DIRECTIONS FOR THIS TASK:
Each entry needs to be given again, character for character.

------ PROVIDED RECORDS

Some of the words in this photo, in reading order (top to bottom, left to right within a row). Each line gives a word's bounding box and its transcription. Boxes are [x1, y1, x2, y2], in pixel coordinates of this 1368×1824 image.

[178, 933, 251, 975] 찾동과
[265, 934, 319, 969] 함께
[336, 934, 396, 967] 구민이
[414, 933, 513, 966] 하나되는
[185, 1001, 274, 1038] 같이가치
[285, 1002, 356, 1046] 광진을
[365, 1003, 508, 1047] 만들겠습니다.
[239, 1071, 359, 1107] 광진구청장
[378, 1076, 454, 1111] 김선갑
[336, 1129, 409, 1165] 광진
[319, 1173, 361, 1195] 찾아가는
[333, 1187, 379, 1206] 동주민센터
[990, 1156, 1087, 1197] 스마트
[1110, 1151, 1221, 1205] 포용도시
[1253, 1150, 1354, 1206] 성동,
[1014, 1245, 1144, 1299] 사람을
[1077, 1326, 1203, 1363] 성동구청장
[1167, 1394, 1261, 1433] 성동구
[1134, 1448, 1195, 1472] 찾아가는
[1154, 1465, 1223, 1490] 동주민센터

------------

ANSWER BOX:
Some of the words in this photo, in reading order (top to bottom, left to right within a row). Each line gives a word's bounding box and its transcription. Boxes are [x1, y1, x2, y2], in pixel coordinates of this 1368×1824 image.

[178, 933, 251, 975] 찾동과
[265, 934, 319, 969] 함께
[336, 934, 396, 967] 구민이
[414, 933, 513, 966] 하나되는
[185, 1001, 274, 1038] 같이가치
[285, 1002, 356, 1046] 광진을
[365, 1003, 508, 1047] 만들겠습니다.
[239, 1071, 359, 1107] 광진구청장
[378, 1076, 454, 1111] 김선갑
[336, 1129, 409, 1165] 광진
[319, 1173, 361, 1195] 찾아가는
[333, 1187, 379, 1206] 동주민센터
[990, 1156, 1087, 1197] 스마트
[1110, 1151, 1221, 1205] 포용도시
[1253, 1150, 1354, 1206] 성동,
[1014, 1245, 1144, 1299] 사람을
[1077, 1326, 1203, 1363] 성동구청장
[1167, 1394, 1261, 1433] 성동구
[1134, 1448, 1195, 1472] 찾아가는
[1154, 1465, 1223, 1490] 동주민센터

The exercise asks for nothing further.